NZ is a country of uniquely innovative, "number 8 wire" people. We have an agricultural nation whose sheep and cattle industry, crop and wine industry has taken a bashing following the exclusion from European markets, South American and other competition and over-production. Trading and finding overseas markets for basics and unfashionable product is now hard work; and there is little profit in it.
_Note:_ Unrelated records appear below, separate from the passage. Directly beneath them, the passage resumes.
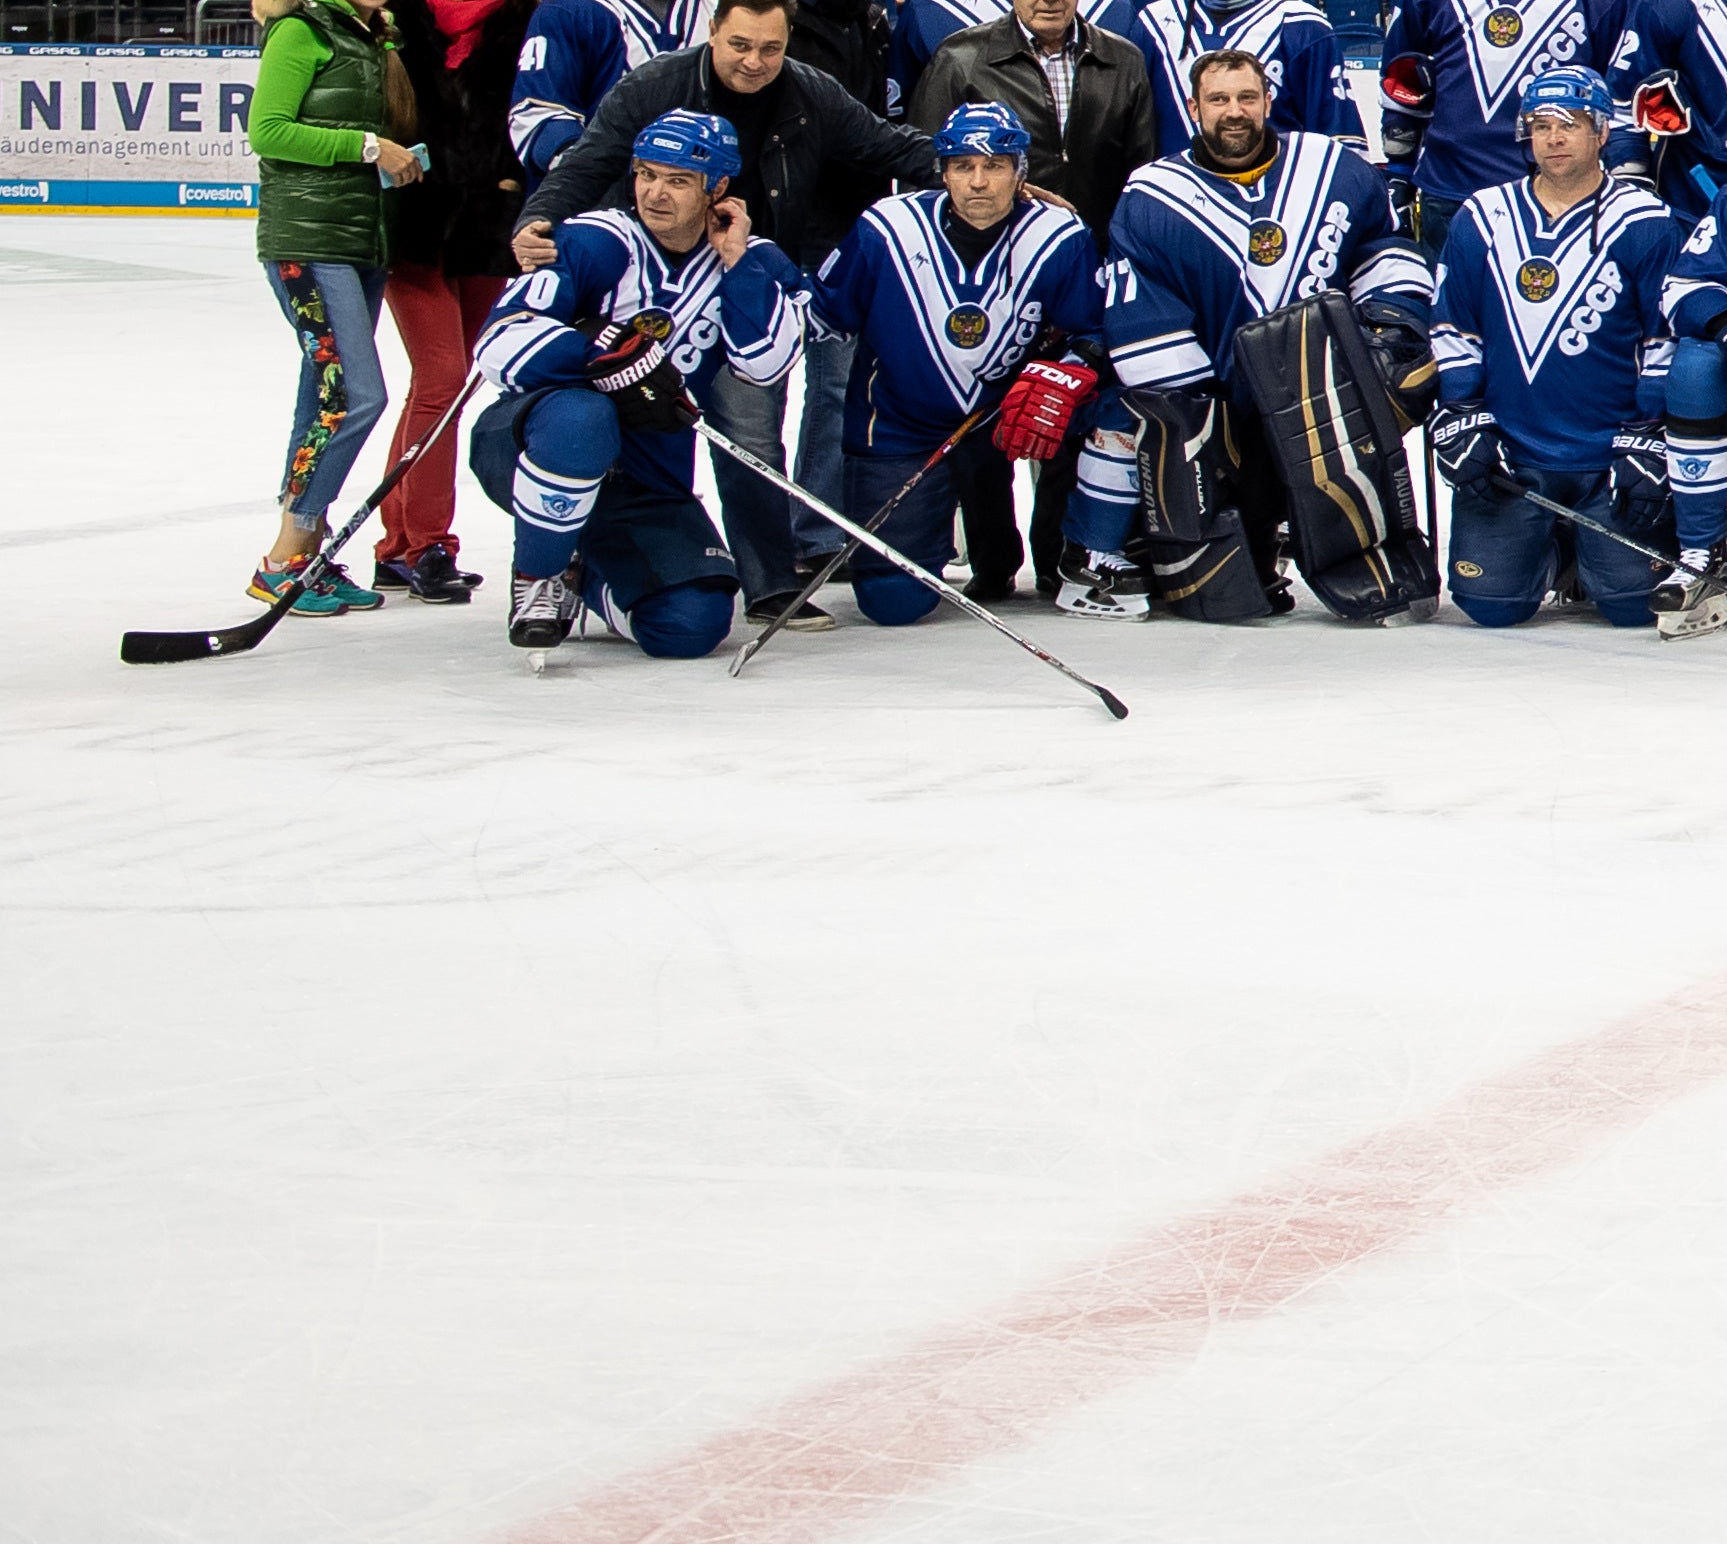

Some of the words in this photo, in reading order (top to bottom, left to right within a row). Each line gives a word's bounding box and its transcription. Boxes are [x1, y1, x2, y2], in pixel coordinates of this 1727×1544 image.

[29, 46, 81, 56] GASAG
[96, 47, 146, 57] GASAG
[160, 48, 208, 58] GASAG
[20, 79, 256, 133] NIVER
[0, 136, 191, 158] äudemanagement
[198, 139, 233, 156] und
[185, 188, 246, 202] covestro
[1558, 260, 1623, 356] СССР
[1022, 361, 1083, 391] STON
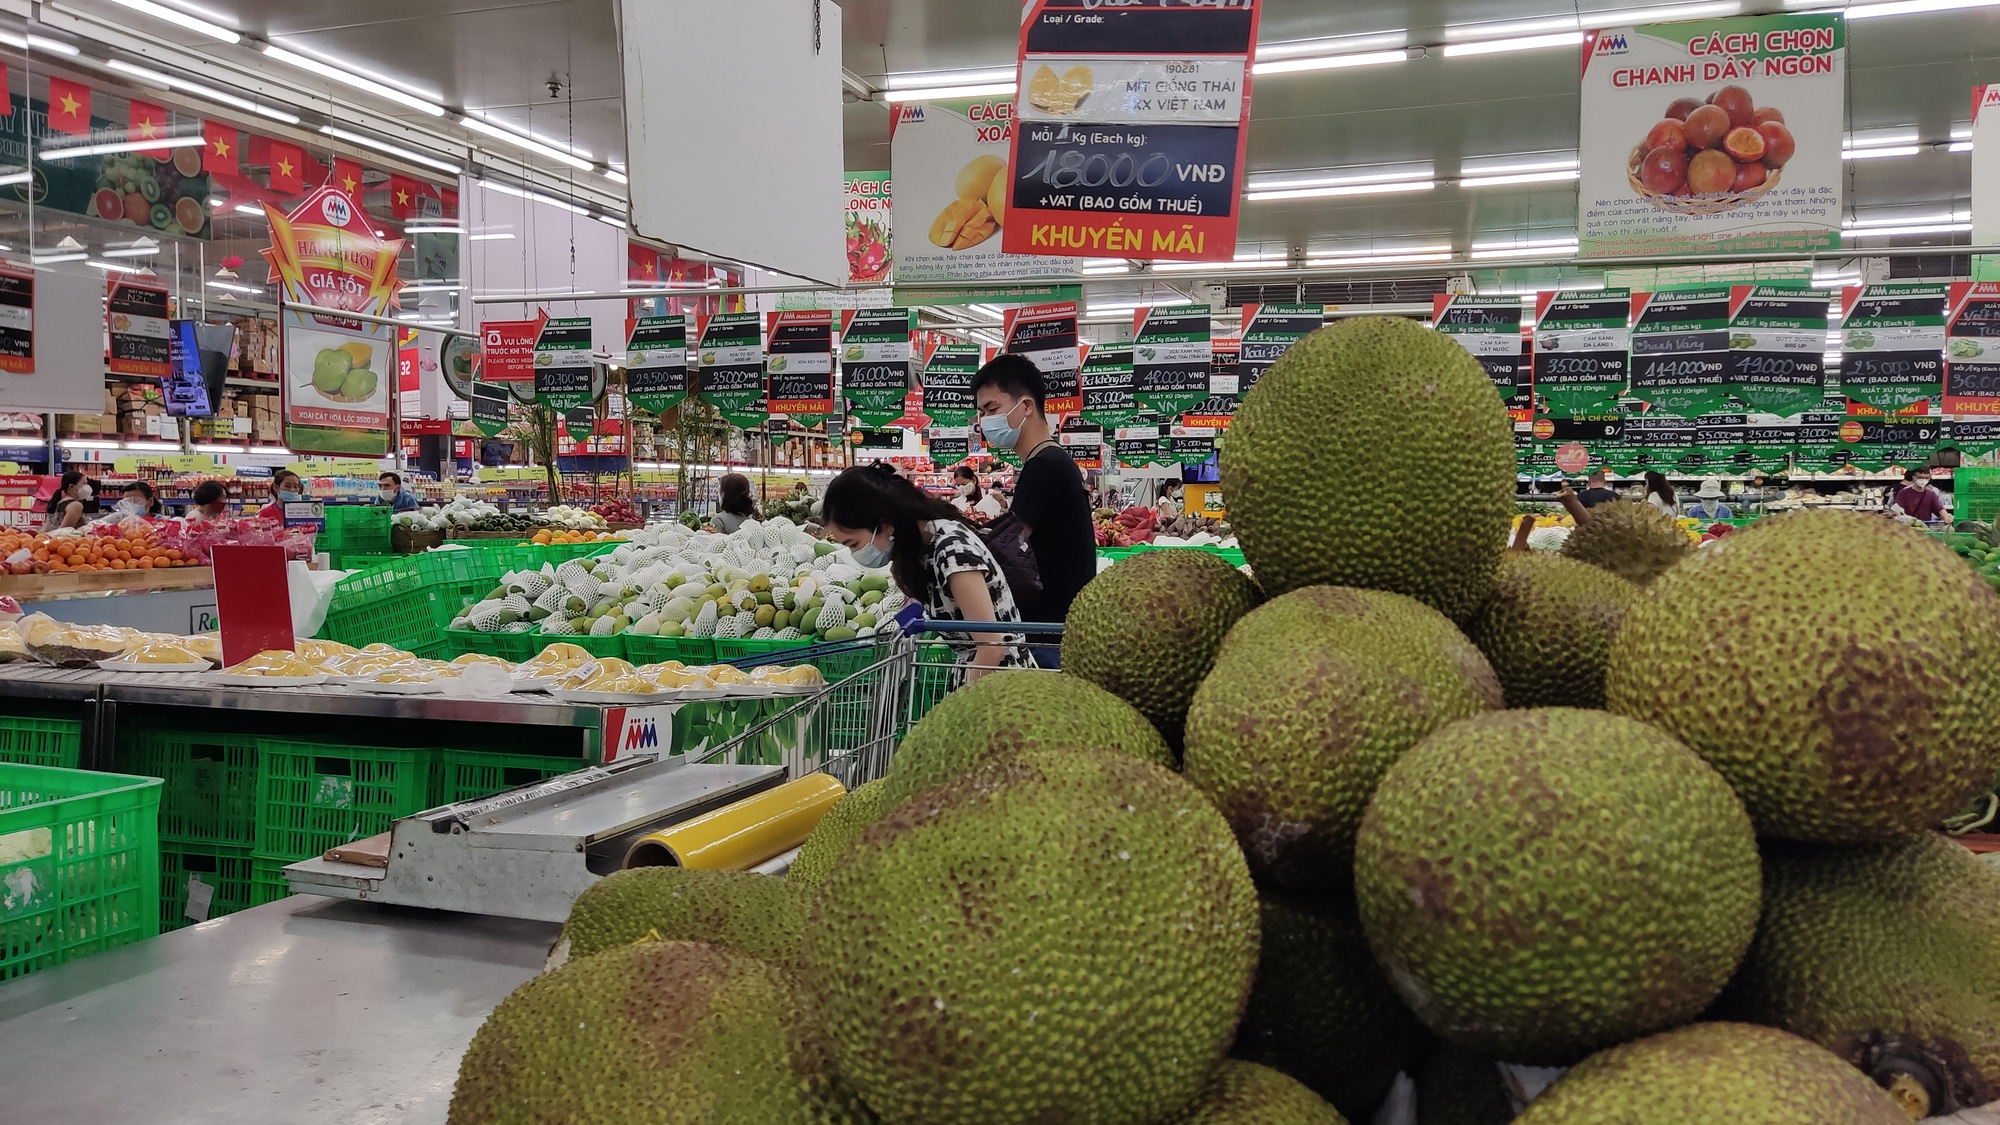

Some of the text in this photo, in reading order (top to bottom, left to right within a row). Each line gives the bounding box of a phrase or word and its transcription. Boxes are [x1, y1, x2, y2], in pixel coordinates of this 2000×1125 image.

[1044, 15, 1063, 25] Loại
[1074, 15, 1104, 24] Grade:
[1689, 29, 1832, 56] CÁCH CHỌN
[1165, 65, 1199, 74] 190281
[1613, 55, 1832, 87] CHANH DÂY NGON
[1126, 79, 1150, 93] MÍT
[1203, 78, 1235, 92] THÁI
[1158, 98, 1189, 112] VIỆT
[1032, 126, 1053, 142] MỖI
[1073, 133, 1086, 146] Kg
[1090, 133, 1123, 145] (Each
[1127, 133, 1148, 147] kg):
[1176, 163, 1225, 183] VNĐ
[1040, 192, 1202, 214] +VAT (BAO GỒM THUẾ)
[1032, 217, 1204, 253] KHUYẾN MÃI
[310, 271, 365, 297] GIÁ TỐT
[516, 337, 533, 345] LÒNG
[119, 362, 150, 373] KHUYẾN
[400, 360, 410, 376] 32
[1601, 361, 1622, 369] VNĐ
[1701, 363, 1722, 371] VNĐ
[1796, 363, 1818, 371] VNĐ
[1914, 361, 1936, 369] VNĐ
[776, 401, 825, 411] KHUYẾN MÃI
[1057, 400, 1074, 410] MÃI
[1157, 400, 1178, 413] VN
[1191, 417, 1221, 426] KHUYẾN
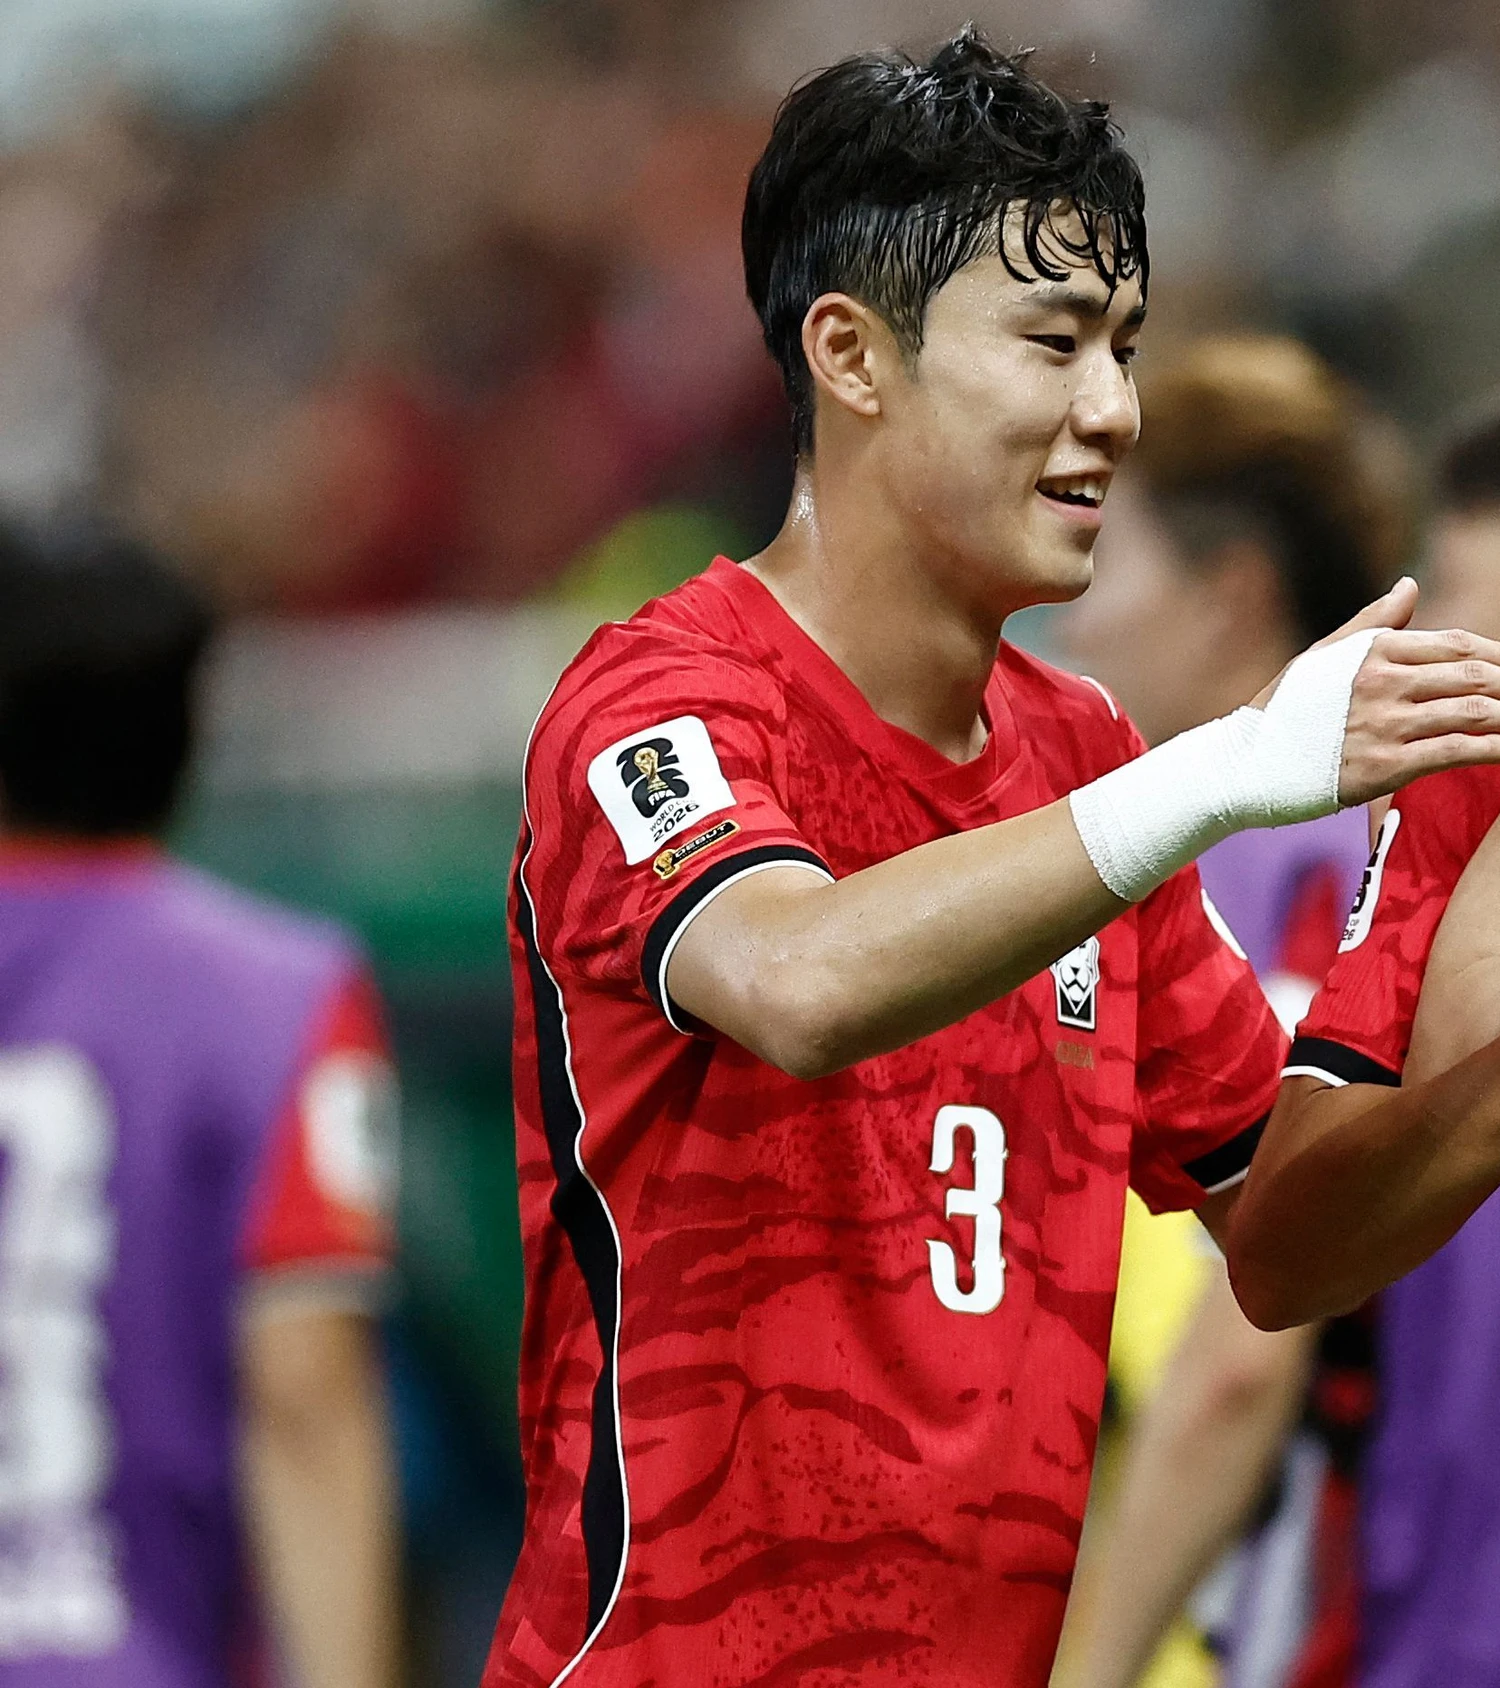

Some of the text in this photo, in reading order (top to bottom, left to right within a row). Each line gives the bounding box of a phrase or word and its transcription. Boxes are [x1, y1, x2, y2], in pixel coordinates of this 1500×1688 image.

[648, 789, 677, 806] FIFA
[649, 804, 675, 831] WORLD
[653, 803, 700, 842] 2026
[926, 1104, 1009, 1315] 3
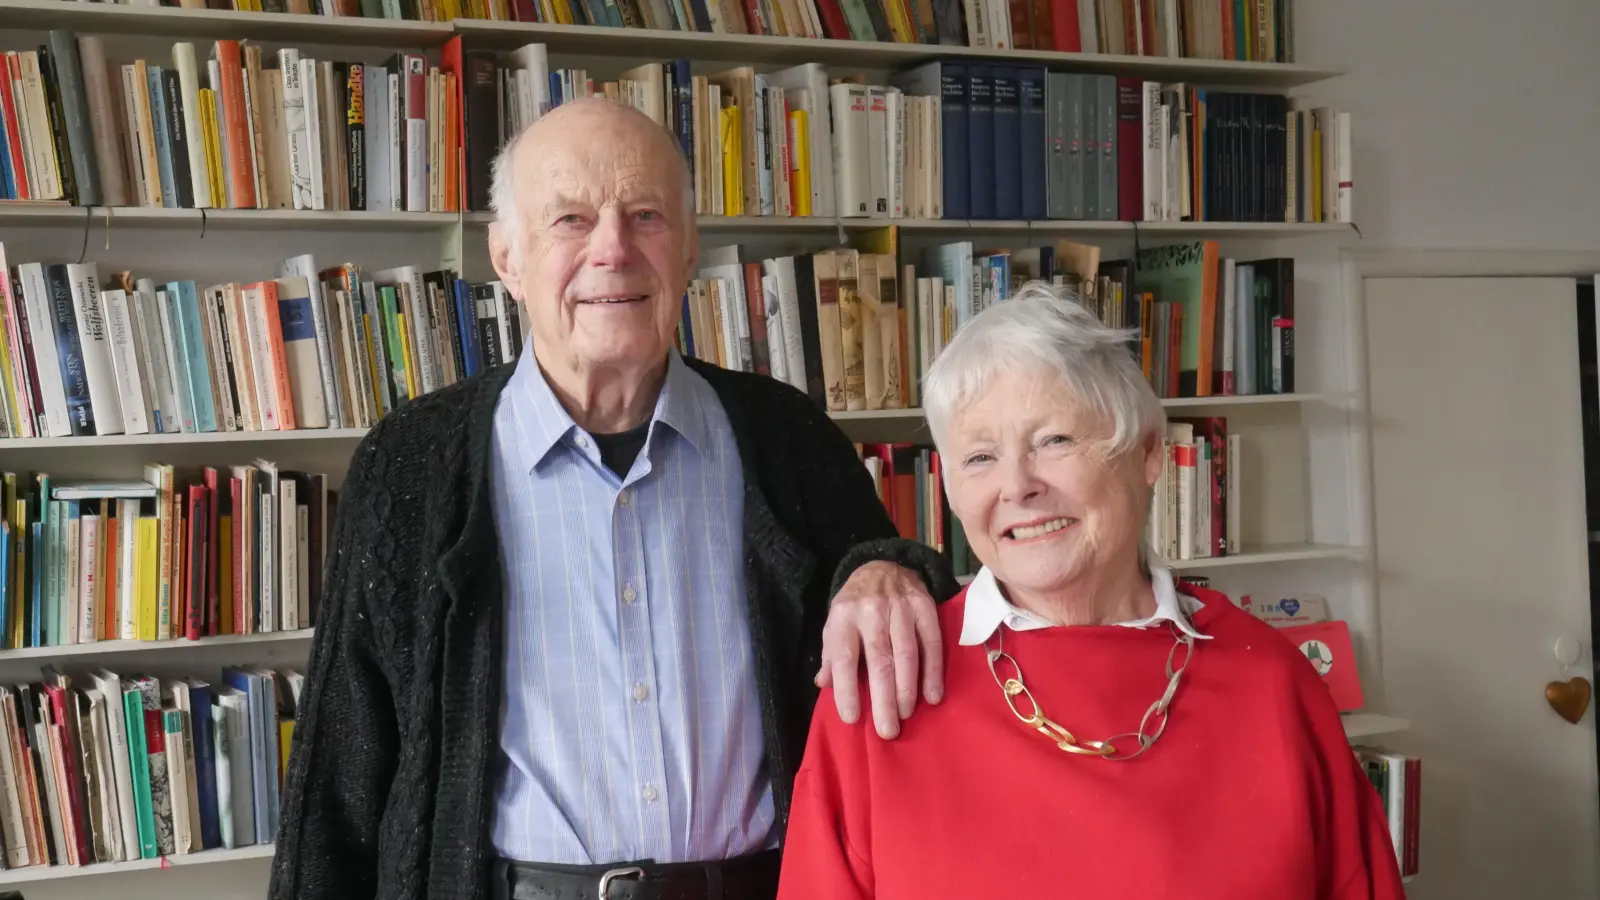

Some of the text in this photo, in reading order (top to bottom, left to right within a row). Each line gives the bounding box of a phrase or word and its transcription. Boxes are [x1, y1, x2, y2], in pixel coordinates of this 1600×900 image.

Were it not for the continuing "ignorance and misinformation" of our New Zealand government, we too could be growing hemp, becoming healthy, wealthy, semi-autonomous and wise enough to escape the manipulating control of the USA and its secretive, corporate-controlling TPP Agreement, a document that NZ, yet again, is being encouraged to sign to further USA corporations.

It is time for our Prime Minister, our representative for decisions made in the best interests of the country and its people, to legalise hemp and create a semi-autonomous, independent, sustainable, agricultural and industrial economy we can be proud to own and develop for the benefit of the world.

It is time for our Prime Minister to make his decisions with New Zealand and New Zealanders as his priority and not his and his family's fiscal, personal and social ambitions, his deluded powerlust and his ignorant subservience to corporate interests to attain the former personal interests and desires.

It is time for our Prime Minister to listen to his protesting citizens and his advisers - the Law Commission with support from the NZ Medical Association advised him in 2010 to consider the decriminalisation of cannabis (hemp is of the genus Cannabis), his attorney general advised him that the GCSB was contrary to human rights and the Law Society took this issue to the United Nations in a Submission in 2013.

It is time for our Prime Minister, his National Party and his policy clones, the Labour, NZ First and ACT Parties, to go.

The ALCP is the only registered political party outside of parliament to support legalisation of cannabis and hemp and The Green Party is the only political party with members already in parliament whom, in 2009, actively placed a Bill before parliament advocating the decriminalisation of cannabis and who openly support the legalisation and realisation of a nation-changing hemp industry. The Bill failed to pass the First Reading, however, due to the scorn and presiding ignorance of the National Party, the NZ First Party and the majority of MPs from the Labour and ACT Parties.

The Ukranians replaced their corporate-controlled, USA-manipulated government via a revolution by the people. We can do the same, but by being "as wise as serpents and as gentle as doves", through the democratic process of our election system.

And this year, 2014, is our election year.